# Pigs to clear land



## brad1885 (Jan 21, 2014)

Wondering if anyone has ever used pigs to clear land. I'm looking to grow a food plot for deer where I'm not able to get a tractor to til up the soil. I'm thinking about making a movable wooden box that would be their shelter and use battery operated electric fence to keep them in. 
I've used pigs to til my garden before and they're great, just looking for opinions. Thanks. brad


----------



## highlands (Jul 18, 2004)

Yes. It takes a lot of pigs to do more than just a little land. We're on steep mountain side and I don't want to wash off the thin top soil by machine clearing. We reopened old field that had grown to forest and then used hundreds of pigs to clear out couple of acre sections at a time doing mob grazing and then more standard managed rotational grazing. We mob, storm and frost seeded in this. Now it is rich with grasses, legumes, chicory, millet, etc. Took a few years.

With just a couple of pig they could do a quarter acre or so. Less rotation speed means more rooting. Plant behind them.


----------



## brad1885 (Jan 21, 2014)

Great. Thanks


----------



## Buckles (Dec 14, 2013)

I have used several pigs to help me clear some land and have had some success. Although I have noticed that pigs do not really eat the heavy vines, certain weeds and the smaller brush so I have been adding some goats to it. Pigs do a great job of tilling the land and rooting up a lot and have saved me tons of work. 

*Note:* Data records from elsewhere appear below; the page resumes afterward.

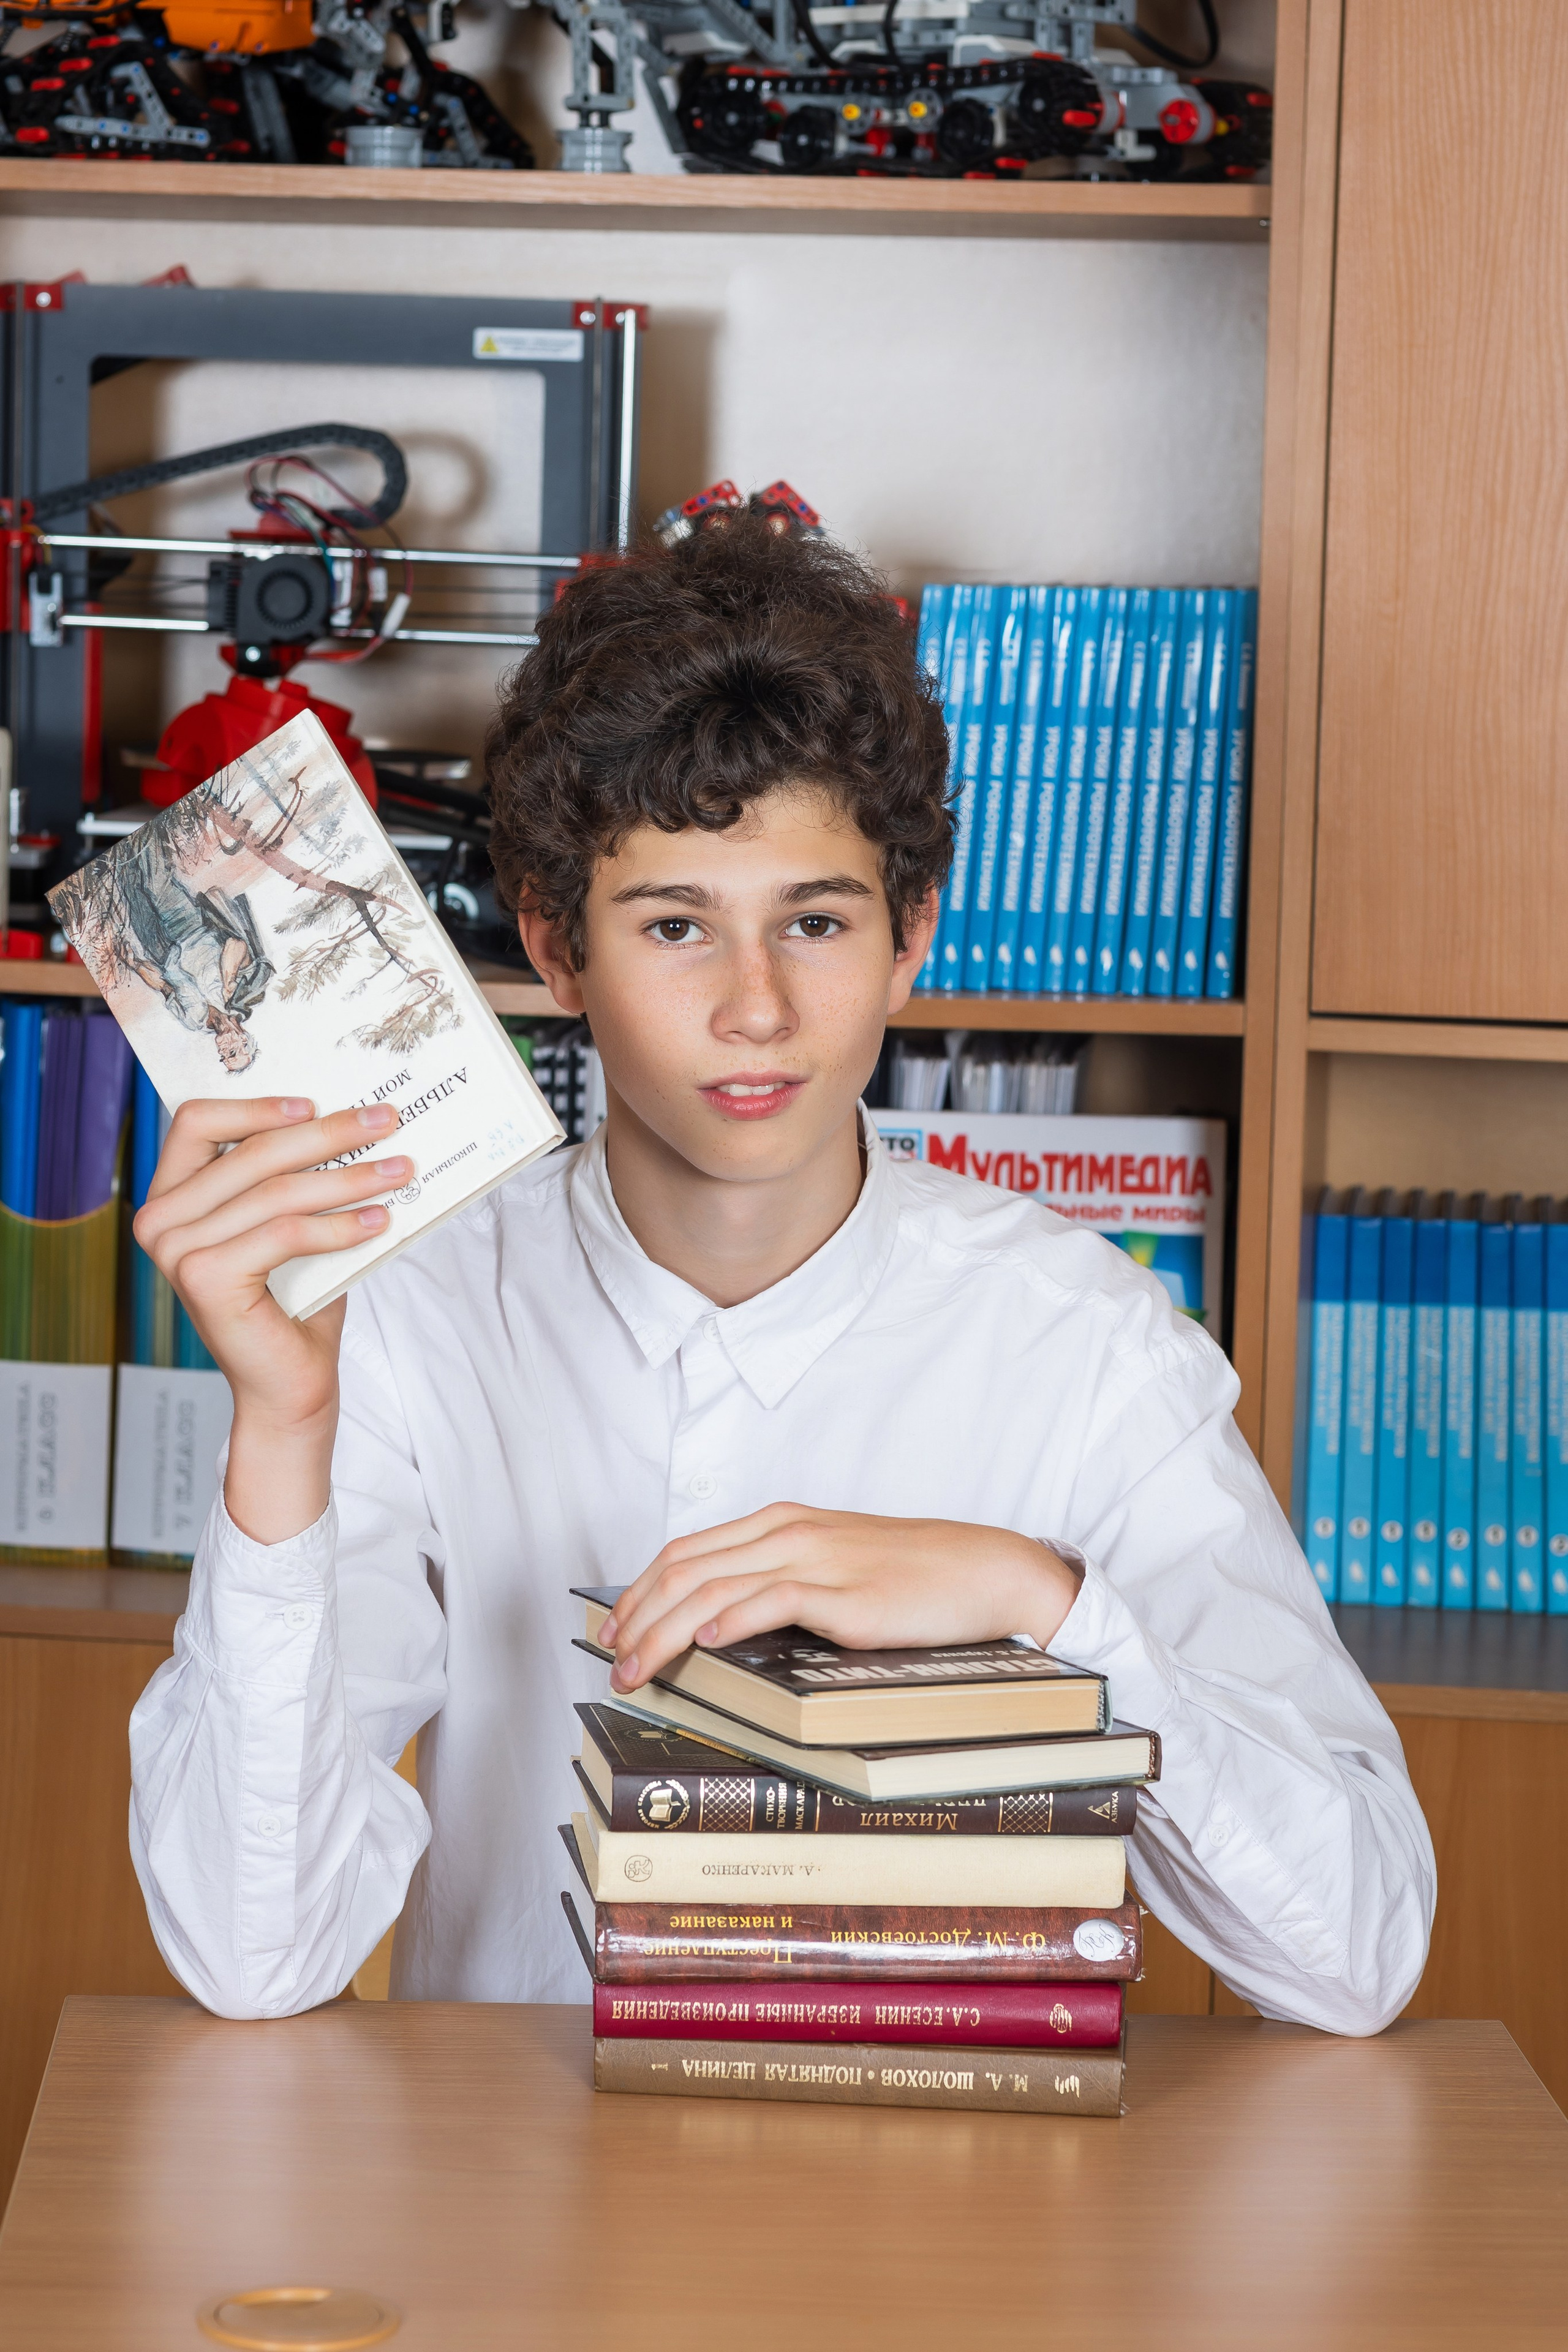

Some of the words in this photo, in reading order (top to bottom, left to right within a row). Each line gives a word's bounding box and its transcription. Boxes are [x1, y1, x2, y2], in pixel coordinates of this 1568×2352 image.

[372, 1068, 413, 1102] МОЙ
[880, 1137, 915, 1152] ТО
[422, 1142, 478, 1183] ШКОЛЬНАЯ
[791, 1659, 1060, 1682] СТАЛИН-ТИТО
[766, 1786, 775, 1822] СТИХО-
[777, 1782, 787, 1828] ТВОРЕНИЯ
[859, 1812, 959, 1831] Михаил
[701, 1863, 794, 1875] МАКАРЕНКО
[669, 1915, 774, 1929] наказание
[780, 1915, 792, 1928] и
[830, 1927, 971, 1949] Достоевский
[977, 1931, 1007, 1949] М.
[1015, 1931, 1045, 1951] Ф.
[643, 1937, 792, 1964] Преступление
[611, 1999, 748, 2021] ПРОИЗВЕДЕНИЯ
[755, 2002, 860, 2024] ИЗБРАННЫЕ
[680, 2058, 756, 2079] ЦЕЛИНА
[764, 2062, 862, 2085] ПОДНЯТАЯ
[880, 2068, 973, 2089] ШОЛОХОВ
[984, 2071, 1003, 2090] А.
[1008, 2072, 1028, 2092] М.

Like you mentioned, I have used the portable electric netting to move them around in my areas and letting them fertilize as they clear up a section. I would do the mob seeding but this section (which is about 1/2 acre) is being prepped for a garden.


----------



## hemlock hamps (Jan 18, 2014)

Take pic go around a stump put holes about a foot deep add a little corn cover it, pigs will dig out the stump to get the corn try you'll like it


----------



## PlicketyCat (Jul 14, 2010)

I agree with Buckles: alternate goats for brush clearing with pigs for stumps & tilling.


----------



## highlands (Jul 18, 2004)

I would concur with using both. However don't expect too much of the pigs on stumps. I find that they don't really rip out big stumps contrary to common perceptions. Even the drilling corn around, pouring on molasses, etc doesn't convince them. Eventually the stumps rot out. In the meantime we just hand broadcast seed around them and the animals graze around them.


----------



## Muleman (Nov 8, 2013)

Glad to hear the pigs don't dig out the stumps. I was starting to think I had wasted my money on the track hoe, if the pigs were going to dig them out anyway?? I know lots of people use goats, but I will tell you. Years ago we had about a dozen sheep and put them in about a 5 acre pen that was honestly so overgrown with underbrush you could not even begin to walk in it. I was absolutely amazed at how much they ate and cleared out of there in a years time. Now, I know goats are a bit easier to maintain and care for, but don't count out sheep as being just as beneficial.


----------



## highlands (Jul 18, 2004)

What we have learned to do is leave the stumps in, cut low. A track hoe will pull them but half a trees mass is in the soil so by leaving the stumps we leave all that root mass in place and it rots slowly releasing nutrients over the next decade. After about ten years the stumps are gone, for the most part. Since I can't do machine work like hay or plowing it isn't a big deal - our land's too steep.


----------



## PlicketyCat (Jul 14, 2010)

Pigs will dig up bramble roots and brush/sapling stumps; but not a honking old oak stump  They're good for keeping a forest from reclaiming a cleared field; but not so great for turning an established forest into a plowable field.


----------



## Muleman (Nov 8, 2013)

I understand what you are saying about the nutrients. Everything is a compromise I suppose. The property around where I live is a combination of bluffy rock ledges, rolling hills and steep hill sides and hollers. The best way to clear land around here, which is how most do it is to clear 50' to 100' swaths going around the sides of the hills, pile all the debris in windrows on the downside. This creates a natural erosion barrier, sort of like you mentioned with your fences. This also leaves the open ground in good enough shape to bush hog and keep from simply overgrowing again. The windrows also makes great habitat for rabbits and small wild animals and windbrakes and little cubby holes for deer cattle and larger animals, including pigs. Around here in Northern Arkansas you can clear a pasture and if you do not bush hog it in about 2 years you will have to take a dozer or other heavy equipment to reclaim the field again, because the trees will be too big by that time to bush hog. Thorn trees are a real problem for us. You may call them Black locust? You may not even have them?? I know of no animal that attempts to eat them, the thorns are about 2 to 3 inches long and will absolutely ruin a tractor tire if you try to run over the small ones and bush hog it. Gotta bush hog them when they are only a foot or 2 tall to not have problems.


----------



## HerseyMI (Jul 22, 2012)

This year we will have about 20 or so hogs on roughly 2 acres of what was heavy brush. This is the third year with pigs on it but until this year never more than half a dozen hogs were on it. I'm hoping they totally clear it of brush this year. It takes a Lot of hogs to improve brush land. Jmo...


----------



## highlands (Jul 18, 2004)

It does take a lot. If you sub-divide that two acres into strips (a simple moving cross fence) to concentrate the mob grazing they will clear it more quickly.


----------